When Your Spouse Earns More: Navigating Financial Responsibilities and Family Care

Patrick is feeling extremely distressed about the state of his family affairs.

Laura and I have been happily married for over five years. She earns significantly more than I do, thanks to her high-paying job in the private sector. We’ve always shared our finances, with her contributing 70% and me 30%.

Laura’s parents migrated to our country to provide a better life for their daughters. Both Laura and her sister, Margaret, have successful careers; Laura is an architect, and Margaret is a surgeon. In contrast, my parents have lower-income jobs, and I’m their only child. This creates a notable disparity in our family financial situations.

Laura provides financial assistance to her parents every month.

Laura has always had a special bond with her parents. Recently, they retired, and Laura and her sister, Margaret, provide them with financial assistance amounting to $3,000 each month. I find this excessive considering they already have pensions, and I can’t comprehend why they need $6,000 in total.

Laura assured me that this money doesn’t come from our joint account. However, when I proposed supporting my retired parents similarly, Laura’s response was unexpected. She suggested that if I could afford to help them from my own earnings, I should do so. This left me feeling shocked and frustrated. My parents only have me to rely on, whereas Laura and her sister are financially stable, making her parents comfortable regardless.

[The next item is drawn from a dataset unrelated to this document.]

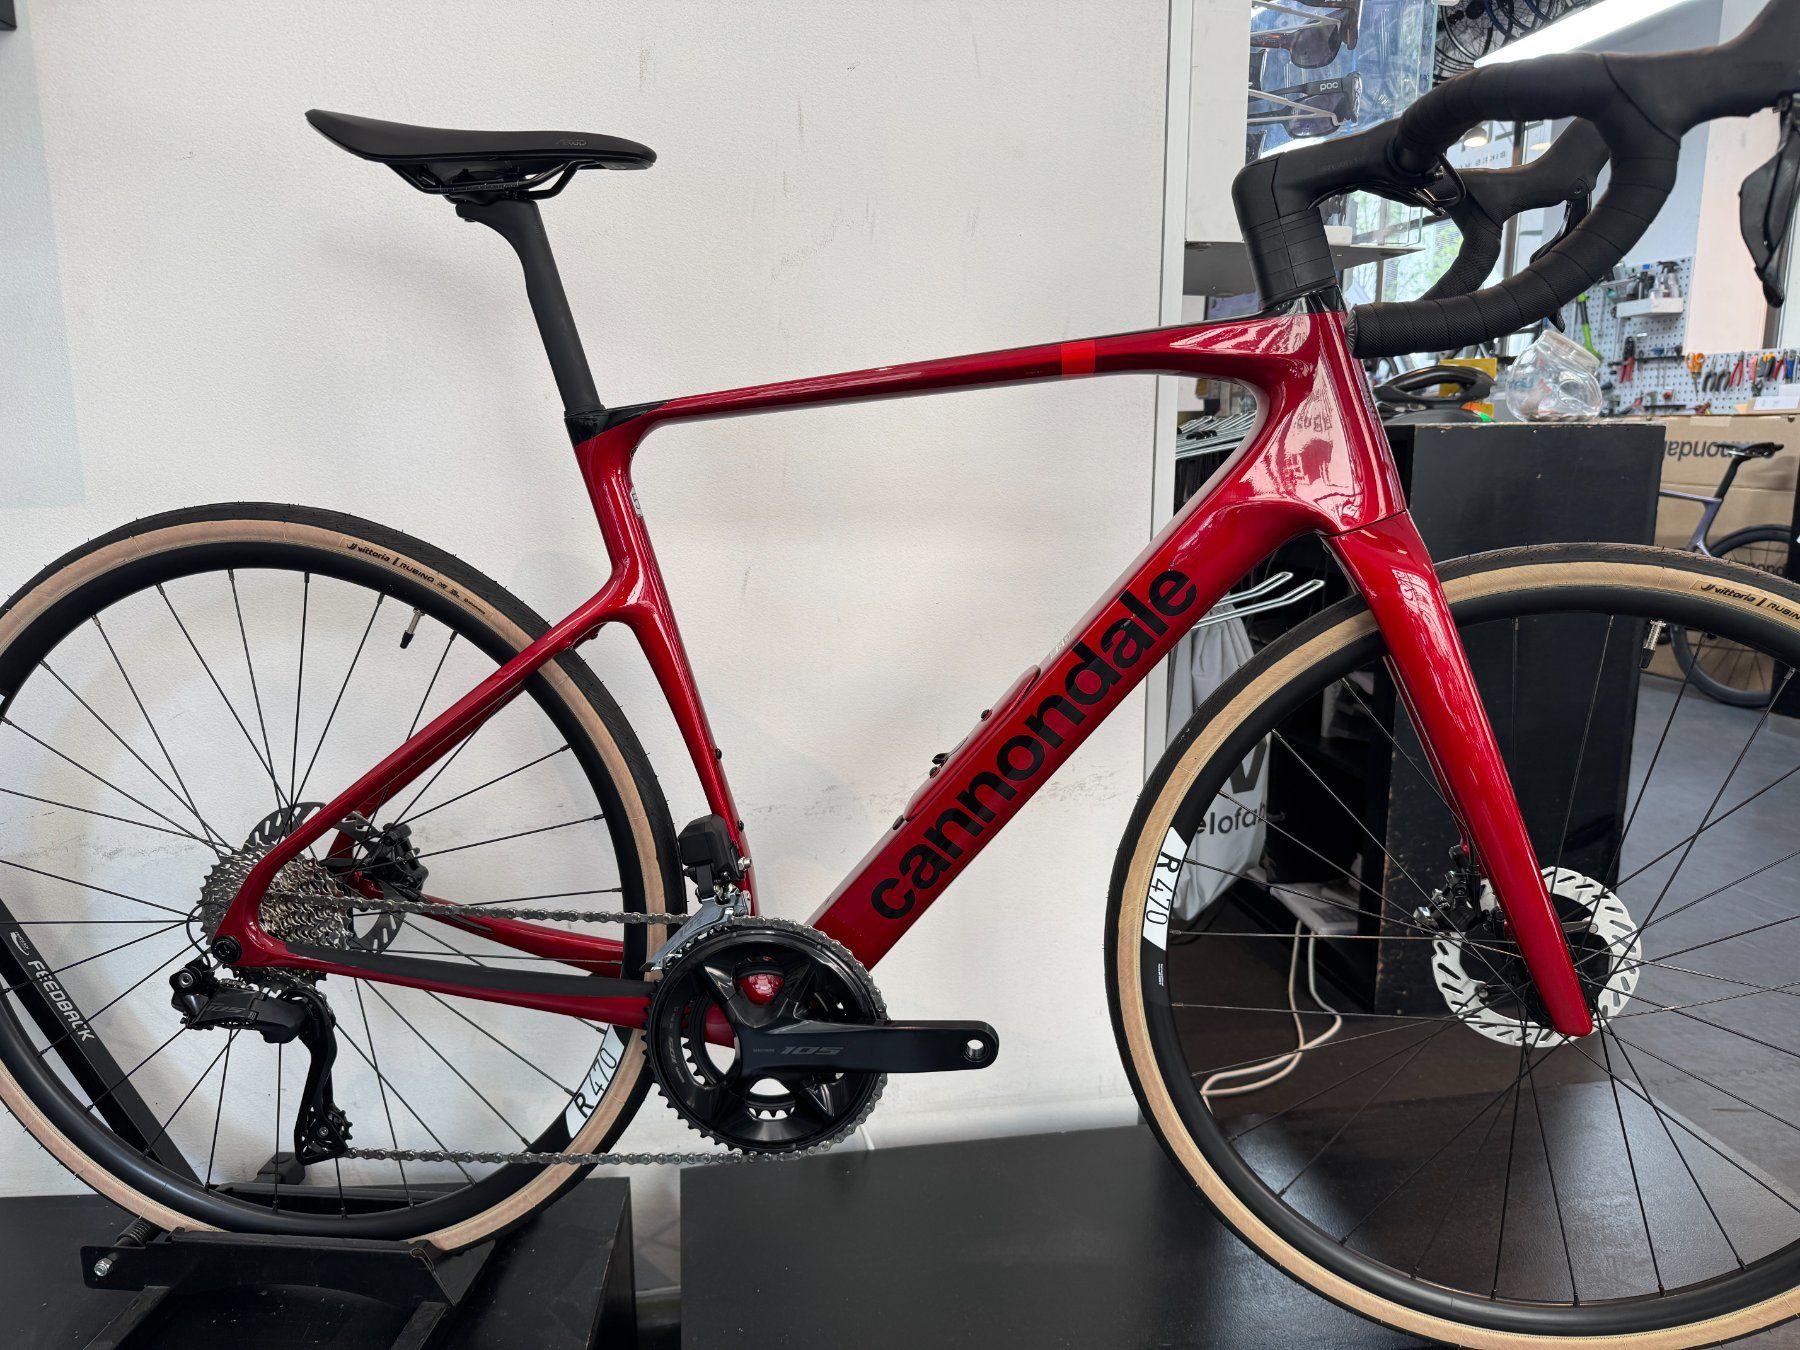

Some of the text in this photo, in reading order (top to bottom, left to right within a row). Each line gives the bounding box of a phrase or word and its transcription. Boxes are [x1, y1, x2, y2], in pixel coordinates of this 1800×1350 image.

Patrick firmly believes that this situation is unfair.

My dad suffers from Parkinson’s disease, and his health is deteriorating rapidly. Doctors have warned us that his condition will only worsen over time. Additionally, my mom is also facing health issues and lacks the physical strength to care for my dad’s needs. Unfortunately, we cannot afford a live-in caregiver, so the only viable option is to place my dad in a care facility, which means separating him from my mom. It’s frustrating because Laura knows about their situation, and her parents are currently in good health.

Laura offering financial assistance wouldn’t significantly impact her finances but would greatly benefit my parents. I can’t help but feel she’s being selfish because if our positions were reversed, I would unquestionably support her and her parents.

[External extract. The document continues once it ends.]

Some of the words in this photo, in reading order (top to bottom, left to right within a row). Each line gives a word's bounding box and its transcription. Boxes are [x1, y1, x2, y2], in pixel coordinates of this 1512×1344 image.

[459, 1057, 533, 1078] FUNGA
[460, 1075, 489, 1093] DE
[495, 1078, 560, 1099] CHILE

Feeling stuck, Patrick decided to seek his parents’ perspective.

I recently called my parents to vent about this unfair situation because I needed someone to talk to. While they listened, they sided with Laura, saying she wasn’t obligated to assist them financially and that our family should handle all our challenges independently. I expected this response, but I believe they need to change their mindset.

Now, I’m unsure who’s right. Is it wrong for me to ask my wife to support my parents? It still feels like a reasonable request to me.